▸ Problem
Could you write out the records below exactly as they appear?

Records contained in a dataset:
━━━━
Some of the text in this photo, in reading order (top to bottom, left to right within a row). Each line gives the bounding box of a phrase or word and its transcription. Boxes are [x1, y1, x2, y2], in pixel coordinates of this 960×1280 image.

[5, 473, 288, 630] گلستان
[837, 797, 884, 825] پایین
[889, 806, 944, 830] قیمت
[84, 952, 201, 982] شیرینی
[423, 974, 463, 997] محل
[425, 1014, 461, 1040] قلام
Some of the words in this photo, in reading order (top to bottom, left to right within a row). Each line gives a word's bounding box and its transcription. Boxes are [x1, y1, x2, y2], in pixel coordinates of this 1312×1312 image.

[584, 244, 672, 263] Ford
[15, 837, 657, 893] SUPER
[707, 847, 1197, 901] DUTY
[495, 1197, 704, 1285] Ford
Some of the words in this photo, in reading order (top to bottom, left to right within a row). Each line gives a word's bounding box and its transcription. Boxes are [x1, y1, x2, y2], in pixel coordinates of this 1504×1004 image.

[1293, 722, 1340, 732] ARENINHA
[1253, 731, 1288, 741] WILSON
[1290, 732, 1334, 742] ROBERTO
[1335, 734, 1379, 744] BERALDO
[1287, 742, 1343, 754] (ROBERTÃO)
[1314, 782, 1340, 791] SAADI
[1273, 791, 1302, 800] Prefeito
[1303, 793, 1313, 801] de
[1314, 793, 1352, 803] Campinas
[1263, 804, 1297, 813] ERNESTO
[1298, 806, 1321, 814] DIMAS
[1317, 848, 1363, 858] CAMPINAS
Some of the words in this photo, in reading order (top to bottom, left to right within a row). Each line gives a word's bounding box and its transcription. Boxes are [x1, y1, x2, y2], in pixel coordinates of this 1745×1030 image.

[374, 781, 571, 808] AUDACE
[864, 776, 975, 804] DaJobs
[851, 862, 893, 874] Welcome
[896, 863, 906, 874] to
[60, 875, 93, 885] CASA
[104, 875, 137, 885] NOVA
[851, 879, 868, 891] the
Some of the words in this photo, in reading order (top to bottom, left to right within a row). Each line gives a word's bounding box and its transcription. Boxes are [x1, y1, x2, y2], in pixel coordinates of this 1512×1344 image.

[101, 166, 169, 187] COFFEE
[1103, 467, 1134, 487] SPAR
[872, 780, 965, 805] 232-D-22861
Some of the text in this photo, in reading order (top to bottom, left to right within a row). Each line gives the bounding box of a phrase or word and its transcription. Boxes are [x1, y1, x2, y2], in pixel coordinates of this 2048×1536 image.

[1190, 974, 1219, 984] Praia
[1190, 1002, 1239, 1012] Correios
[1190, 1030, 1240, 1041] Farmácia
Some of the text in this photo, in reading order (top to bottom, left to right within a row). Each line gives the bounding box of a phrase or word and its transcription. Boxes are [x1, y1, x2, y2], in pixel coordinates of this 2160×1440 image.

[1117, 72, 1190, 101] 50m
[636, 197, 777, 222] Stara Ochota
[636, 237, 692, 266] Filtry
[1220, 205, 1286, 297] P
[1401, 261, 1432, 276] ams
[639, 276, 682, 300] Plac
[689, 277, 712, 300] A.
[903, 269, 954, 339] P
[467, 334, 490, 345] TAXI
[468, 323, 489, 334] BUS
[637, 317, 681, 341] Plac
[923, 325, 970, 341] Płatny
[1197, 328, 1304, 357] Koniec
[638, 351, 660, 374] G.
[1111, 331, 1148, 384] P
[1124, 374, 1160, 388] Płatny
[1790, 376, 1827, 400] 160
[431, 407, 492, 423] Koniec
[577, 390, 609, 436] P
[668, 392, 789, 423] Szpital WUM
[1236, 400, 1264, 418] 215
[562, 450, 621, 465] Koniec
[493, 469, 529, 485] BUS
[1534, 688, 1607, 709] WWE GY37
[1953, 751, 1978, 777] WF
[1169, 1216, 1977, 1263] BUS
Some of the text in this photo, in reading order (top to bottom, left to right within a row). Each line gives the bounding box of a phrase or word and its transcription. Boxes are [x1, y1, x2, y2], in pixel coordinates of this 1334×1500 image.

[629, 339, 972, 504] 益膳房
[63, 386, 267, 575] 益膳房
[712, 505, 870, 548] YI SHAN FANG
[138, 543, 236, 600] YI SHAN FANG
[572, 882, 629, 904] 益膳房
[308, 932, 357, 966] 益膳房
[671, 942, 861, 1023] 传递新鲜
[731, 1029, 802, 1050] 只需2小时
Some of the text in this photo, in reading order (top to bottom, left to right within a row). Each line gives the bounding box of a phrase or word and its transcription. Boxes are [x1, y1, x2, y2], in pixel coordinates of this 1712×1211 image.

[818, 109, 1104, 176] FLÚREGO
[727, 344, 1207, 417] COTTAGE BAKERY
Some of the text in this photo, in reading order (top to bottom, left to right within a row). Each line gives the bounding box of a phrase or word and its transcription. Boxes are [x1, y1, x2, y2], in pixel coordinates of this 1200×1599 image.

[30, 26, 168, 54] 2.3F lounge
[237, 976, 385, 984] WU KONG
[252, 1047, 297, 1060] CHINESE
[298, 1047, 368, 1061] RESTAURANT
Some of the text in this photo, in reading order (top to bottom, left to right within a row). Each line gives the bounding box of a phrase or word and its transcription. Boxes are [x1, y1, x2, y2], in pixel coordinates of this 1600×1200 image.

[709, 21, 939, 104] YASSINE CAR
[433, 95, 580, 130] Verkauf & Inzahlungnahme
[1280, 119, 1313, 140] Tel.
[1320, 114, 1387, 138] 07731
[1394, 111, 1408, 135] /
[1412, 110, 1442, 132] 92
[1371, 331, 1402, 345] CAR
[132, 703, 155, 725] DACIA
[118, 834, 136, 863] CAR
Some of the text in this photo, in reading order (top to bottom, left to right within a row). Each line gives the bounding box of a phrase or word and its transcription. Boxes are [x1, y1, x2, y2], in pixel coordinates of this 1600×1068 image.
━━━━
▸ Exercise solution
Some of the text in this photo, in reading order (top to bottom, left to right within a row). Each line gives the bounding box of a phrase or word and its transcription. Boxes are [x1, y1, x2, y2], in pixel coordinates of this 960×1280 image.

[5, 473, 288, 630] گلستان
[837, 797, 884, 825] پایین
[889, 806, 944, 830] قیمت
[84, 952, 201, 982] شیرینی
[423, 974, 463, 997] محل
[425, 1014, 461, 1040] قلام
Some of the words in this photo, in reading order (top to bottom, left to right within a row). Each line gives a word's bounding box and its transcription. Boxes are [x1, y1, x2, y2], in pixel coordinates of this 1312×1312 image.

[584, 244, 672, 263] Ford
[15, 837, 657, 893] SUPER
[707, 847, 1197, 901] DUTY
[495, 1197, 704, 1285] Ford
Some of the words in this photo, in reading order (top to bottom, left to right within a row). Each line gives a word's bounding box and its transcription. Boxes are [x1, y1, x2, y2], in pixel coordinates of this 1504×1004 image.

[1293, 722, 1340, 732] ARENINHA
[1253, 731, 1288, 741] WILSON
[1290, 732, 1334, 742] ROBERTO
[1335, 734, 1379, 744] BERALDO
[1287, 742, 1343, 754] (ROBERTÃO)
[1314, 782, 1340, 791] SAADI
[1273, 791, 1302, 800] Prefeito
[1303, 793, 1313, 801] de
[1314, 793, 1352, 803] Campinas
[1263, 804, 1297, 813] ERNESTO
[1298, 806, 1321, 814] DIMAS
[1317, 848, 1363, 858] CAMPINAS
Some of the words in this photo, in reading order (top to bottom, left to right within a row). Each line gives a word's bounding box and its transcription. Boxes are [x1, y1, x2, y2], in pixel coordinates of this 1745×1030 image.

[374, 781, 571, 808] AUDACE
[864, 776, 975, 804] DaJobs
[851, 862, 893, 874] Welcome
[896, 863, 906, 874] to
[60, 875, 93, 885] CASA
[104, 875, 137, 885] NOVA
[851, 879, 868, 891] the
Some of the words in this photo, in reading order (top to bottom, left to right within a row). Each line gives a word's bounding box and its transcription. Boxes are [x1, y1, x2, y2], in pixel coordinates of this 1512×1344 image.

[101, 166, 169, 187] COFFEE
[1103, 467, 1134, 487] SPAR
[872, 780, 965, 805] 232-D-22861
Some of the text in this photo, in reading order (top to bottom, left to right within a row). Each line gives the bounding box of a phrase or word and its transcription. Boxes are [x1, y1, x2, y2], in pixel coordinates of this 2048×1536 image.

[1190, 974, 1219, 984] Praia
[1190, 1002, 1239, 1012] Correios
[1190, 1030, 1240, 1041] Farmácia
Some of the text in this photo, in reading order (top to bottom, left to right within a row). Each line gives the bounding box of a phrase or word and its transcription. Boxes are [x1, y1, x2, y2], in pixel coordinates of this 2160×1440 image.

[1117, 72, 1190, 101] 50m
[636, 197, 777, 222] Stara Ochota
[636, 237, 692, 266] Filtry
[1220, 205, 1286, 297] P
[1401, 261, 1432, 276] ams
[639, 276, 682, 300] Plac
[689, 277, 712, 300] A.
[903, 269, 954, 339] P
[467, 334, 490, 345] TAXI
[468, 323, 489, 334] BUS
[637, 317, 681, 341] Plac
[923, 325, 970, 341] Płatny
[1197, 328, 1304, 357] Koniec
[638, 351, 660, 374] G.
[1111, 331, 1148, 384] P
[1124, 374, 1160, 388] Płatny
[1790, 376, 1827, 400] 160
[431, 407, 492, 423] Koniec
[577, 390, 609, 436] P
[668, 392, 789, 423] Szpital WUM
[1236, 400, 1264, 418] 215
[562, 450, 621, 465] Koniec
[493, 469, 529, 485] BUS
[1534, 688, 1607, 709] WWE GY37
[1953, 751, 1978, 777] WF
[1169, 1216, 1977, 1263] BUS
Some of the text in this photo, in reading order (top to bottom, left to right within a row). Each line gives the bounding box of a phrase or word and its transcription. Boxes are [x1, y1, x2, y2], in pixel coordinates of this 1334×1500 image.

[629, 339, 972, 504] 益膳房
[63, 386, 267, 575] 益膳房
[712, 505, 870, 548] YI SHAN FANG
[138, 543, 236, 600] YI SHAN FANG
[572, 882, 629, 904] 益膳房
[308, 932, 357, 966] 益膳房
[671, 942, 861, 1023] 传递新鲜
[731, 1029, 802, 1050] 只需2小时
Some of the text in this photo, in reading order (top to bottom, left to right within a row). Each line gives the bounding box of a phrase or word and its transcription. Boxes are [x1, y1, x2, y2], in pixel coordinates of this 1712×1211 image.

[818, 109, 1104, 176] FLÚREGO
[727, 344, 1207, 417] COTTAGE BAKERY
Some of the text in this photo, in reading order (top to bottom, left to right within a row). Each line gives the bounding box of a phrase or word and its transcription. Boxes are [x1, y1, x2, y2], in pixel coordinates of this 1200×1599 image.

[30, 26, 168, 54] 2.3F lounge
[237, 976, 385, 984] WU KONG
[252, 1047, 297, 1060] CHINESE
[298, 1047, 368, 1061] RESTAURANT
Some of the text in this photo, in reading order (top to bottom, left to right within a row). Each line gives the bounding box of a phrase or word and its transcription. Boxes are [x1, y1, x2, y2], in pixel coordinates of this 1600×1200 image.

[709, 21, 939, 104] YASSINE CAR
[433, 95, 580, 130] Verkauf & Inzahlungnahme
[1280, 119, 1313, 140] Tel.
[1320, 114, 1387, 138] 07731
[1394, 111, 1408, 135] /
[1412, 110, 1442, 132] 92
[1371, 331, 1402, 345] CAR
[132, 703, 155, 725] DACIA
[118, 834, 136, 863] CAR
Some of the text in this photo, in reading order (top to bottom, left to right within a row). Each line gives the bounding box of a phrase or word and its transcription. Boxes are [x1, y1, x2, y2], in pixel coordinates of this 1600×1068 image.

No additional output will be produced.